Behavioral therapy for OAB

Bladder retraining

  • Bladder retraining, which increases bladder capacity and thus reduces OAB symptoms, is a cornerstone of behavioral therapy for OAB.
  • Components of bladder retraining include:
    • Scheduled voiding regimen with gradually progressive voiding intervals
    • Urgency control strategies
    • Self-monitoring of voiding behavior (e.g., use of a bladder diary)
    • Positive reinforcement by health care provider
  • Research has shown that bladder retraining can reduce incontinence by 50 to 87 percent.4
  • Bladder retraining can be as effective as medication for urge incontinence.
  • Bladder retraining with pelvic muscle rehabilitation is probably better than retraining alone.

Use of a bladder diary

  • A bladder diary can be a valuable tool for treating OAB as well as for evaluating the condition. (See the section on Diagnosis for more information.)
  • By tracking their voiding habit, patients may recognize the cause of their symptoms by their pattern of voiding.
  • Patients may be able to gradually increase the interval between voids or make lifestyle changes that reduce bladder symptoms.

Lifestyle changes

  • Several lifestyle changes can help reduce OAB symptoms. Health care providers can advise patients to:
    • Avoid dietary bladder irritants (e.g., alcohol, caffeine, tomatoes, citrus)
    • Moderate fluid intake
    • Improve their mobility
    • Address coexisting health issues
    • Improve bowel habits and regularity (e.g., increase fiber intake)

Strategies to control urge

  • Providers can encourage patients to adopt strategies to control urgency by relaxing and selectively contracting appropriate pelvic muscles (i.e., Kegel exercises), rather than rushing to the toilet when they feel the urge to urinate.
  • Kegel exercises also can strengthen pelvic floor muscles (see Resources for Patients section for instructions).
  • Providers can teach patients to control urgency with the following instructions:
    • Anticipate those activities that bring on symptoms.
    • Contract pelvic muscles quickly.
    • Wait until the urge subsides; do not rush to the bathroom, instead stop and stay still for a few moments.
    • Concentrate on suppressing the urge.
    • Walk to the bathroom at a normal pace.

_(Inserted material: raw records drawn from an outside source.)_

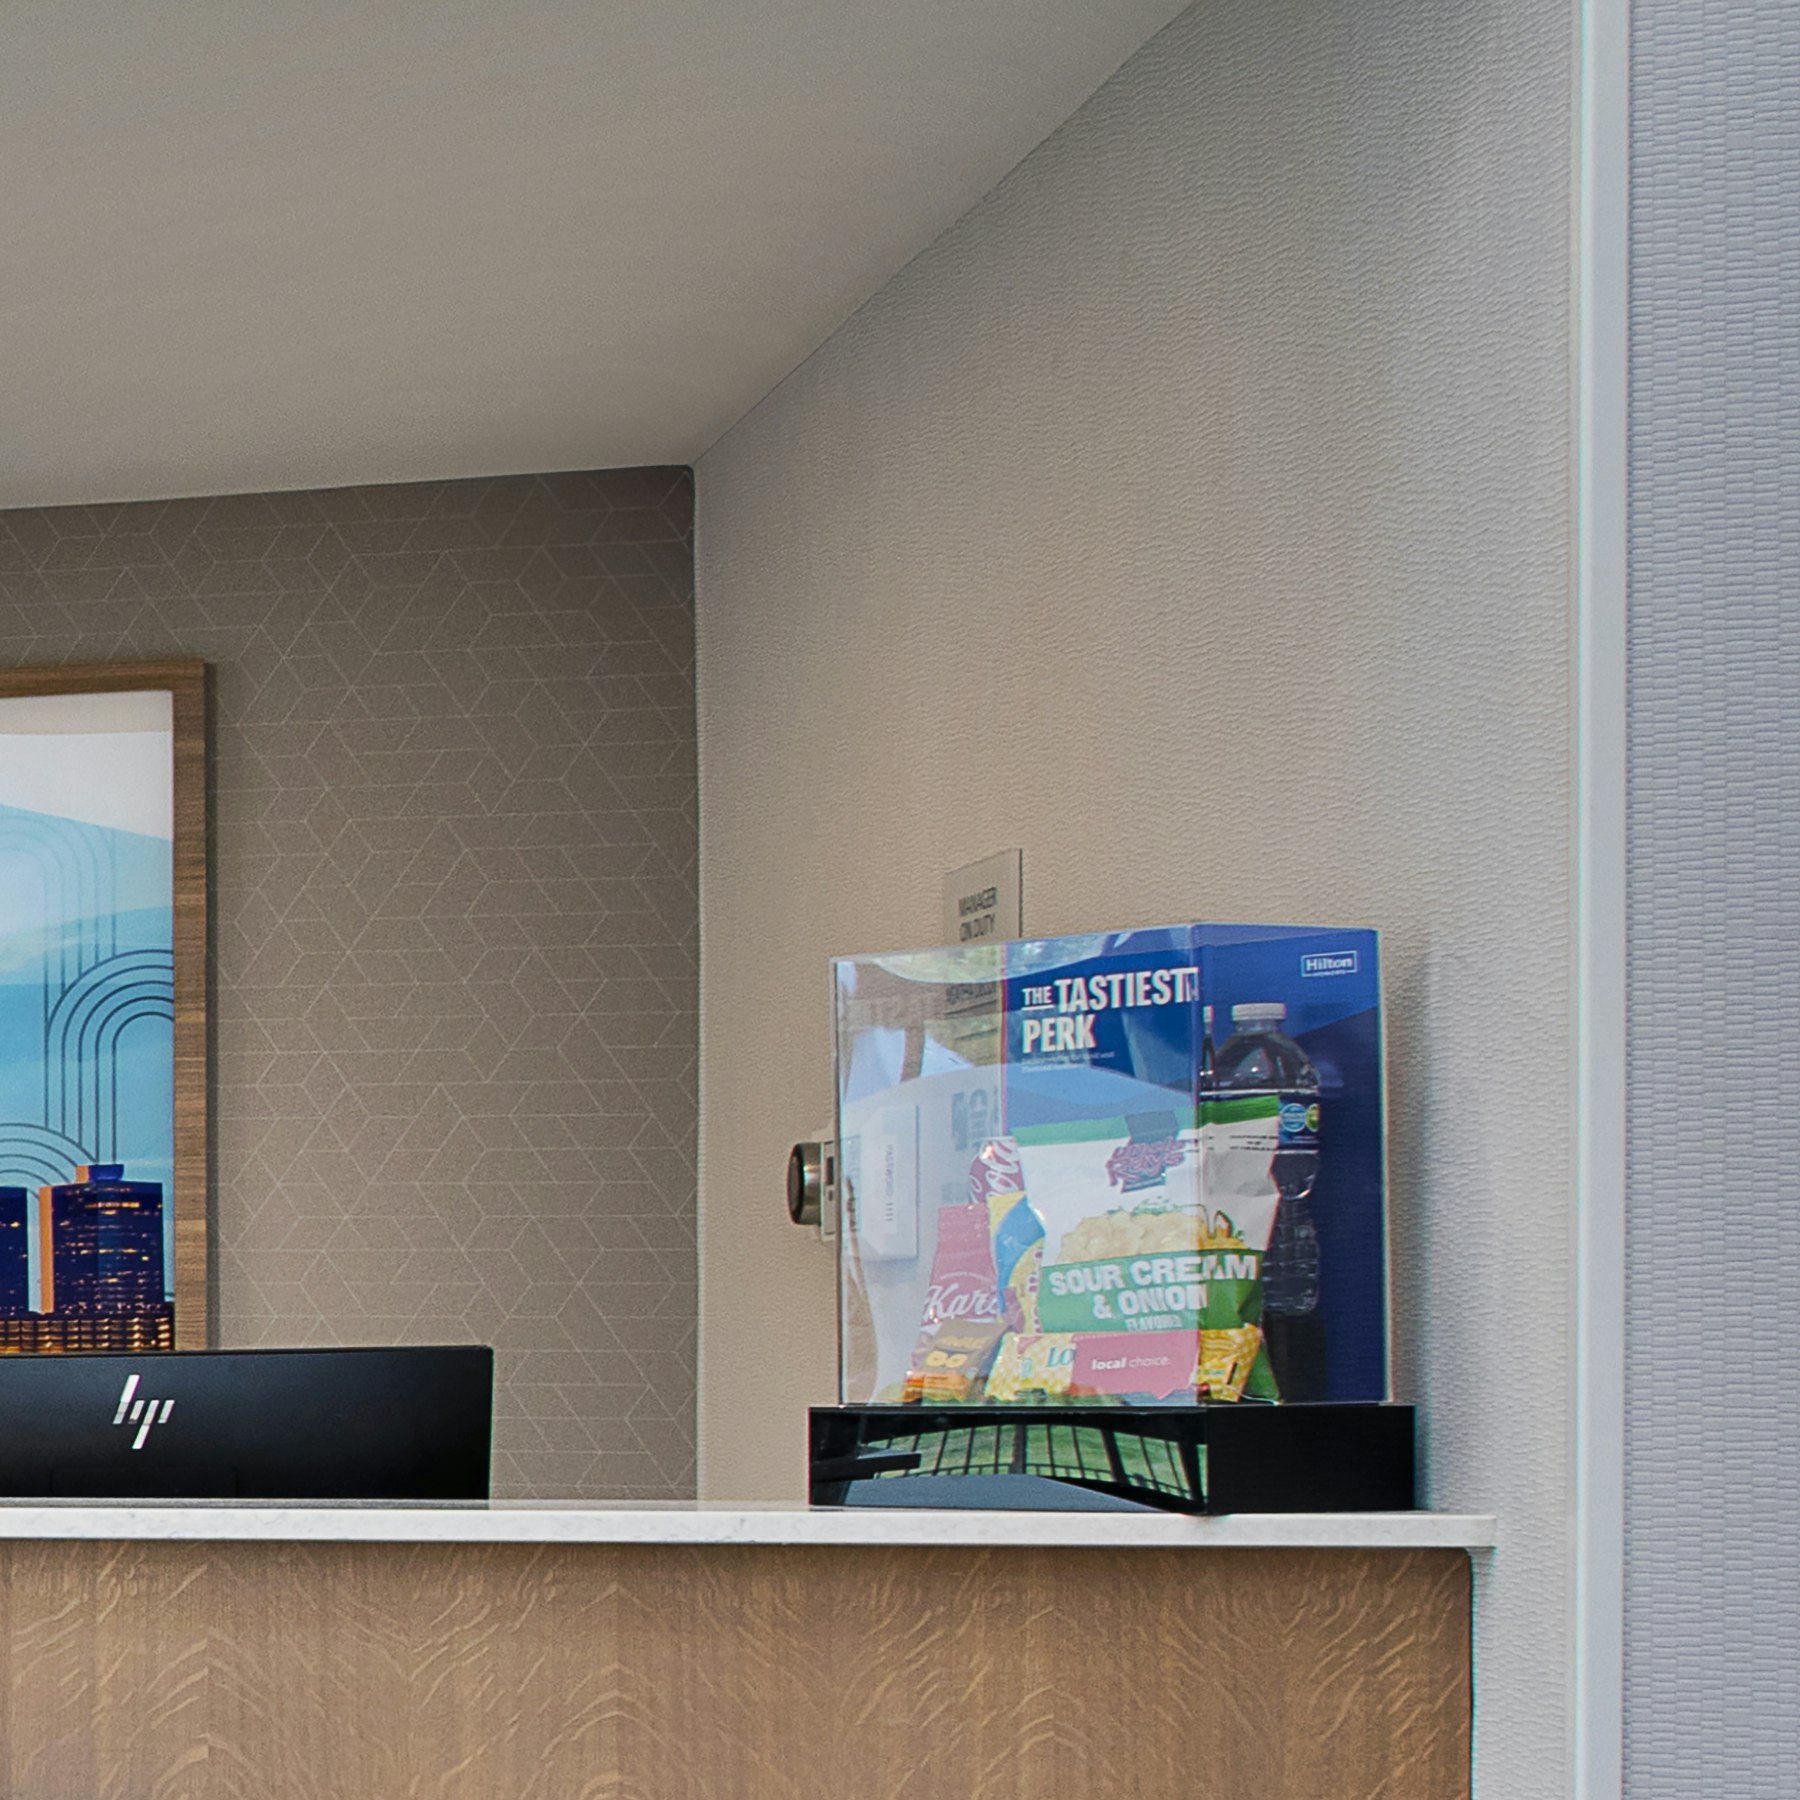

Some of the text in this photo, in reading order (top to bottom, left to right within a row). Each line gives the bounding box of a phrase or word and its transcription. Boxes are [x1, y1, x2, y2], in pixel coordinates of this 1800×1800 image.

[1305, 957, 1353, 971] Hilton
[1022, 986, 1052, 1006] THE
[1054, 967, 1197, 1013] TASTIEST
[1022, 1014, 1096, 1053] PERK
[1049, 1254, 1258, 1296] SOUR CREAM
[1092, 1283, 1208, 1319] & ONION
[1091, 1357, 1126, 1371] local
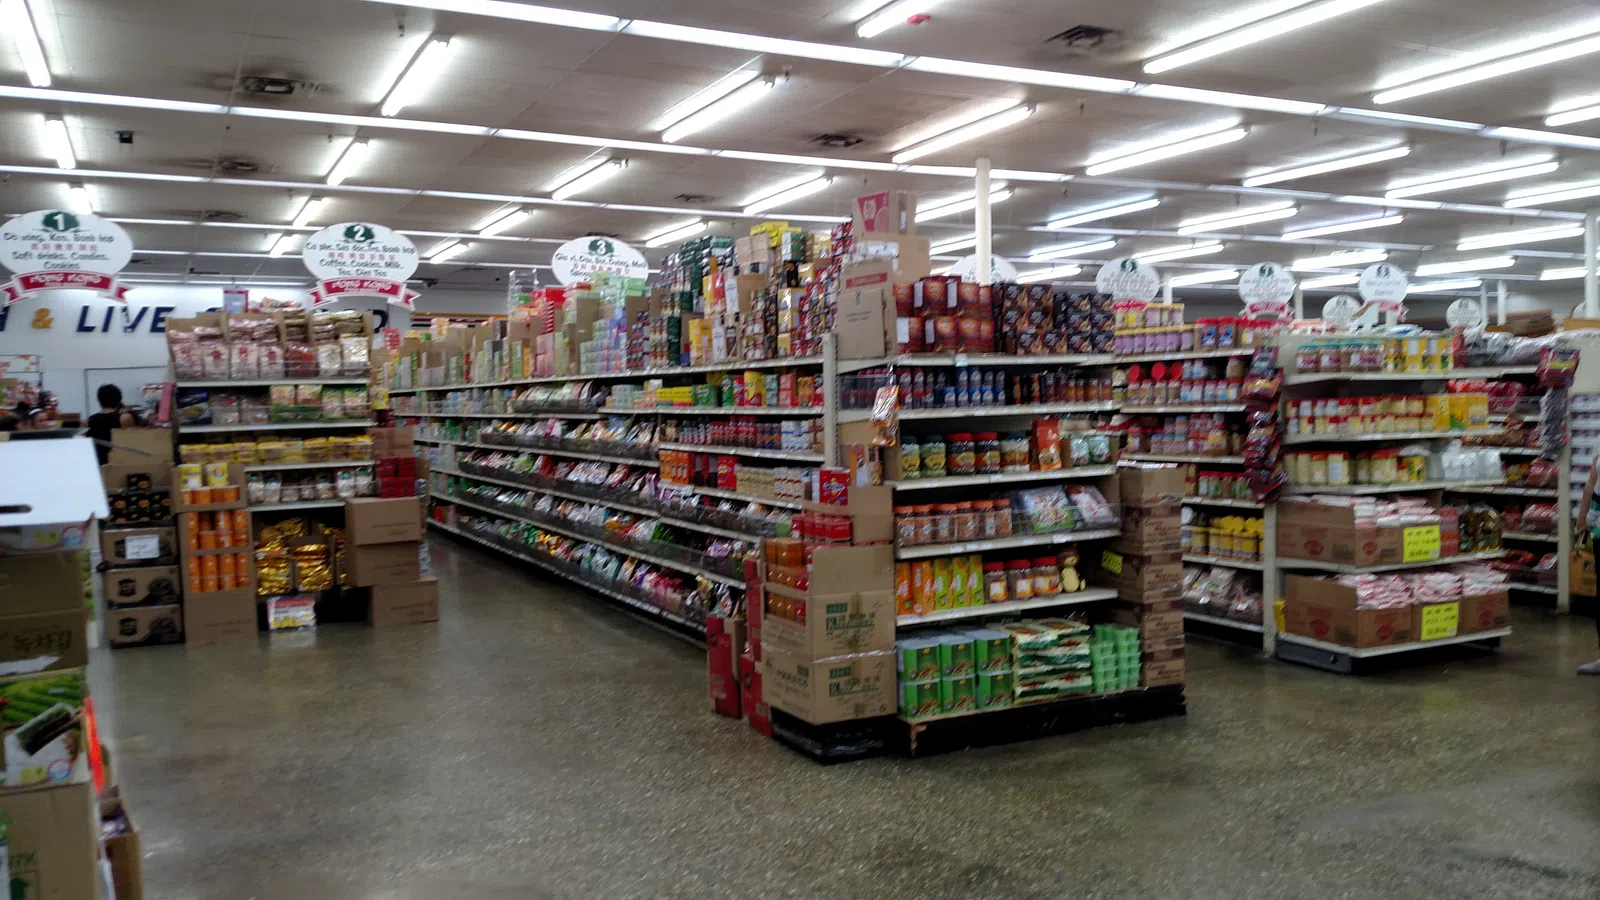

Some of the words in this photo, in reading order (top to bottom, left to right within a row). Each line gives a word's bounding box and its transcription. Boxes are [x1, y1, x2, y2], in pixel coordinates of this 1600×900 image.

Limitations of behavioral therapies

  • Although successful in the majority of patients, behavioral therapy has limitations.
  • Behavioral therapy requires a skilled and trained provider plus motivation and adherence in both the patient and the caregiver.
  • Success depends on the intensity of the program.
  • Behavioral therapy is expensive in terms of caregiver labor and time in certain settings (e.g., primary care, nursing home).

References

  1. Rosenberg MT, Newman DK, Tallman CT, Page SA. Overactive bladder: recognition requires vigilance for symptoms. Cleve Clin J Med. 2007;74(Suppl 3):S21-9.
  2. Hanno PM, Wein A, Malkowicz SB, editors. Clinical Manual of Urology, 3rd ed. New York, NY : McGraw-Hill Professional Publishing; 2001.
  3. Walsh PC, Retik AB, Vaughan ED, Wein AJ, editors. Campbell's Urology, 8th ed. Philadelphia: WB Saunders Company; 2002.
  4. Burgio KL, Goode PS, Locher JL, et al. Behavioral training with and without biofeedback in the treatment of urge incontinence in older women: a randomized controlled trial. JAMA. 2002;288(18):2293-9.